Хаммерштайн, как описывает один из участников встречи, «несколько покровительственно», свысока, представил «господина рейхсканцлера», фаланга генералов с холодной вежливостью поприветствовала его, Гитлер скромно, угловато со всеми раскланялся и пребывал в состоянии смущения до тех пор, пока после трапезы он не получил за столом возможность для продолжительного выступления. Гитлер обещал вермахту как единственному носителю оружия в стране главное развитие, а в начале своей почти двухчасовой речи он, как и в дюссельдорфском клубе промышленников коснулся мысли о примате внутренней политики: самая первоочередная цель нового правительства – вновь сосредоточить власть в своих руках посредством «полного преобразования нынешних внутриполитических условий», не останавливающегося ни перед чем искоренения марксизма и пацифизма, а также создания широкой готовности к борьбе и обороне за счёт «жёсткого авторитарного государственного руководства»; только последнее даёт гарантию возможности сперва начать борьбу с Версалем при помощи осторожно действующей внешней политики, чтобы затем, собрав силы, перейти к «завоеванию нового жизненного пространства на Востоке и его беспощадной германизации». Непреложную необходимость экспансии, он между тем, обосновывал не только геостратегическими аргументами и требованием обеспечить страну продовольствием, но и ссылкой на экономический кризис: и его причина, и его решение заключаются-де в «жизненном пространстве». При анализе положения ему представляются проблематичными только годы скрытого военно-политического восстановления, в этот период станет видно, имеются ли во Франции государственные деятели: «Если да, она не даст нам времени, а нападёт на нас, вероятно, с восточными сателлитами», – записал один из участников встречи.

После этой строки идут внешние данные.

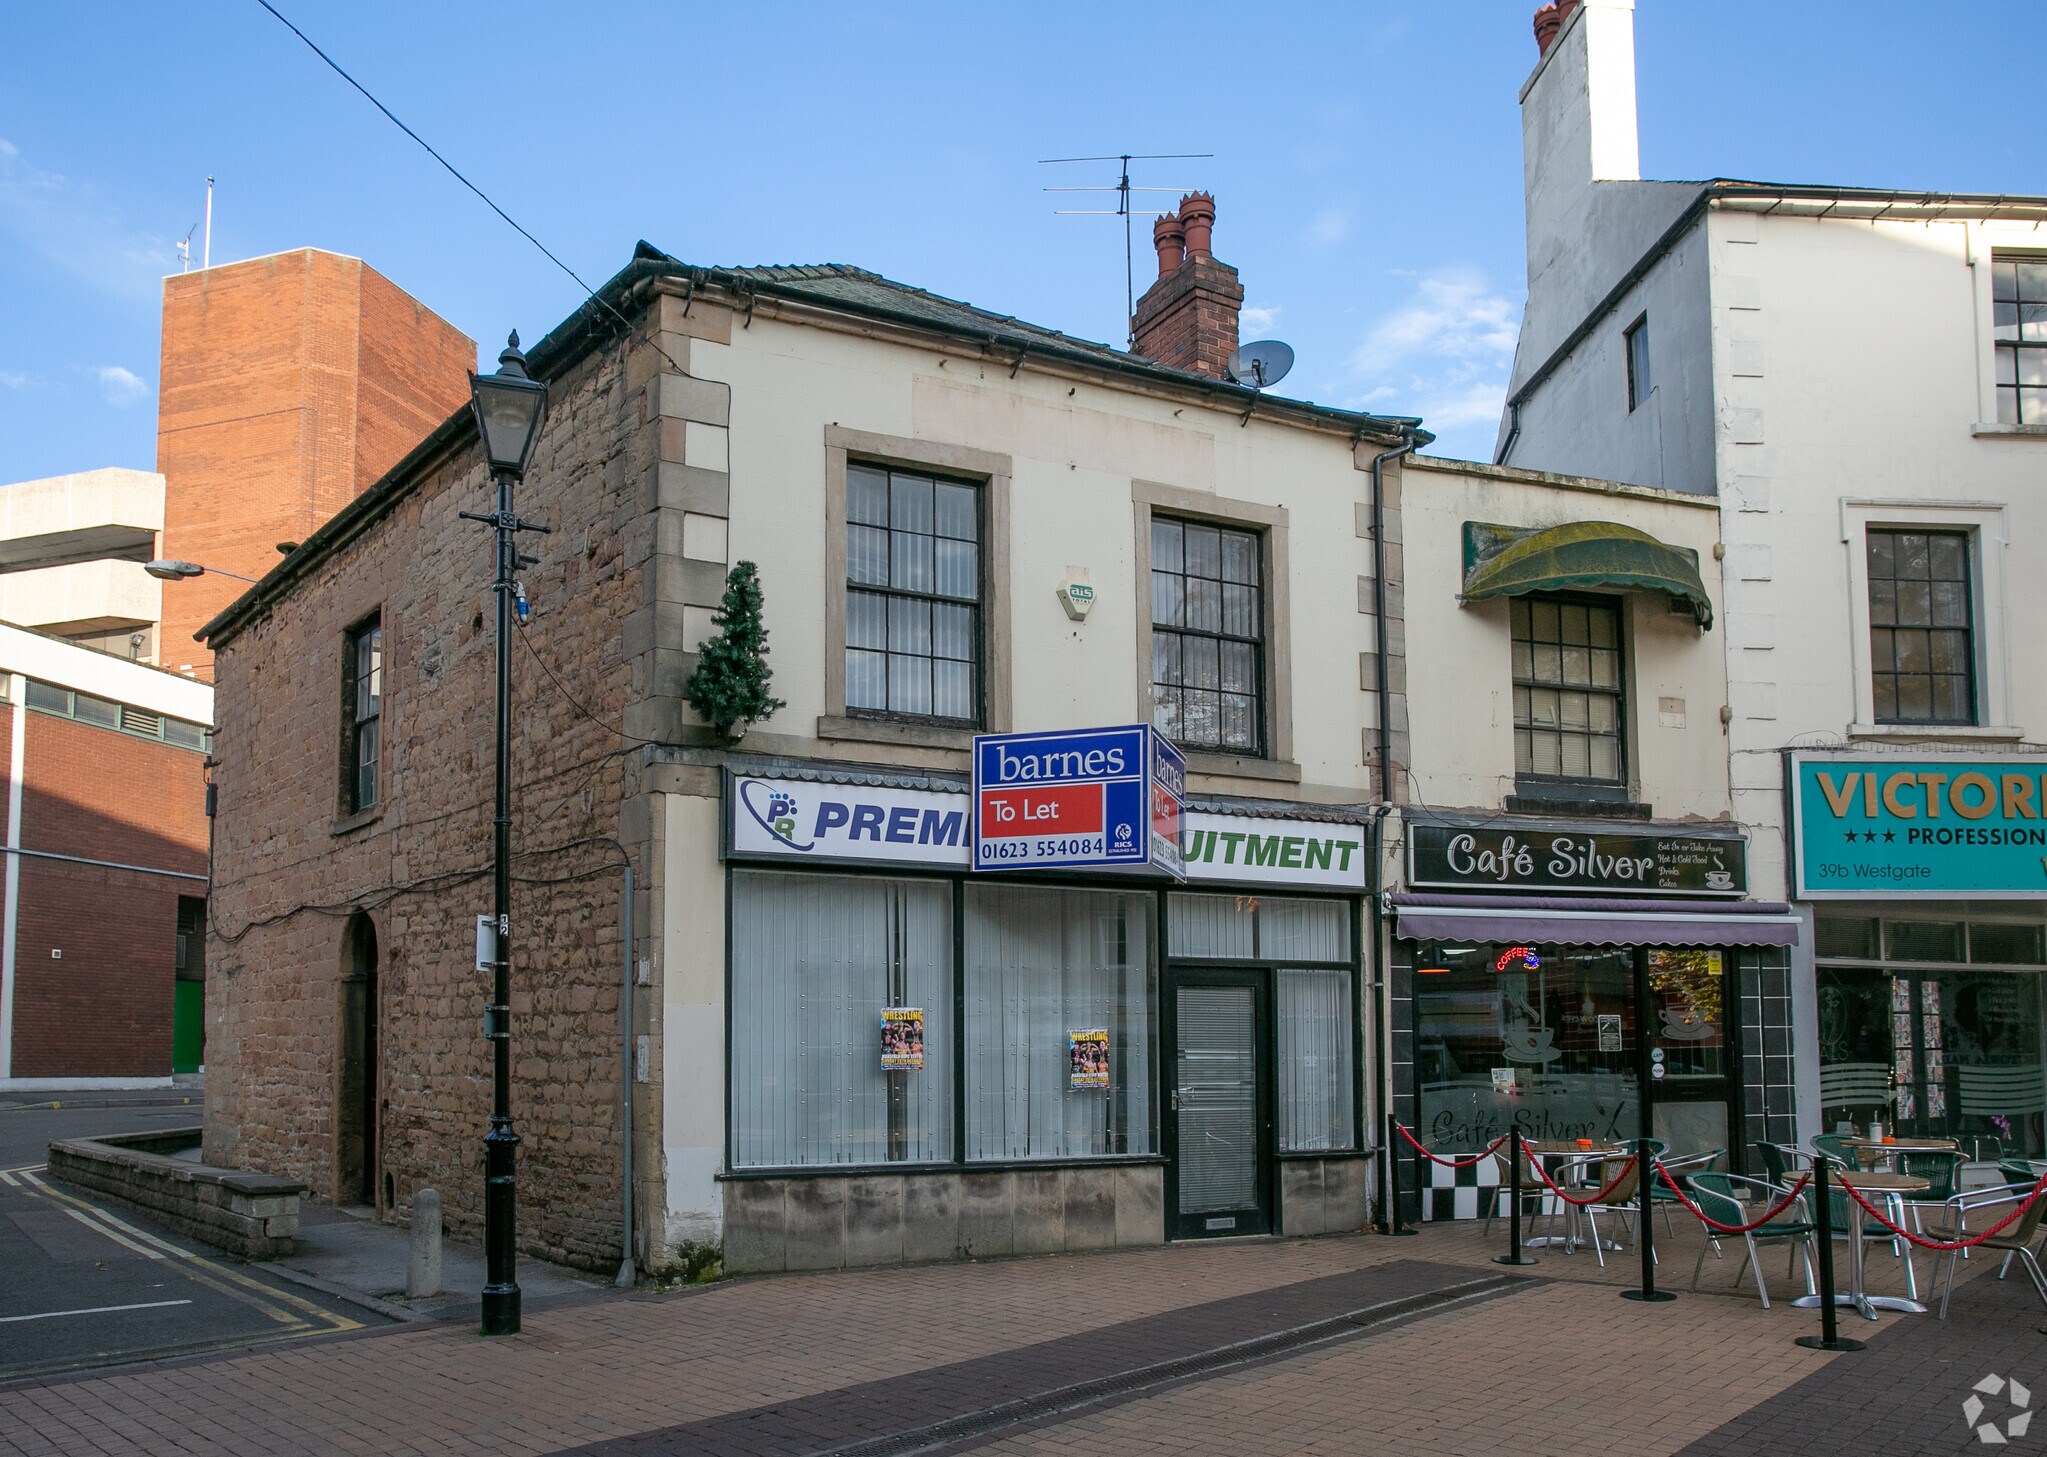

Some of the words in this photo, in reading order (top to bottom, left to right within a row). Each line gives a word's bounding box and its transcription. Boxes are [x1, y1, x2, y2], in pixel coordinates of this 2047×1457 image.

В этом выступлении примечательно не только то, что оно с новой стороны высветило построенную на идее насилия структуру мышления Гитлера: буквально каждое явление он воспринимал лишь как дополнительное подтверждение уже давно закрепившихся в уме идей, хотя и при этом настолько неверно оценивал сущность явлений – как в случае с экономическим кризисом, что это напоминало прямо-таки гротеск; и, по-прежнему, единственным решением, вообще понятным ему, было насилие. Рассуждения в этой речи одновременно свидетельствуют о преемственности мира идей Гитлера и опровергают все теории, согласно которым влияние лёгшей на его плечи ответственности сделало его более умеренным, а позже (обычно называют 1938 год), когда он впал в старые агрессивные комплексы ненависти или же, как утверждает другая версия, оказался под воздействием новой системы маниакальных идей, его сущность изменилась.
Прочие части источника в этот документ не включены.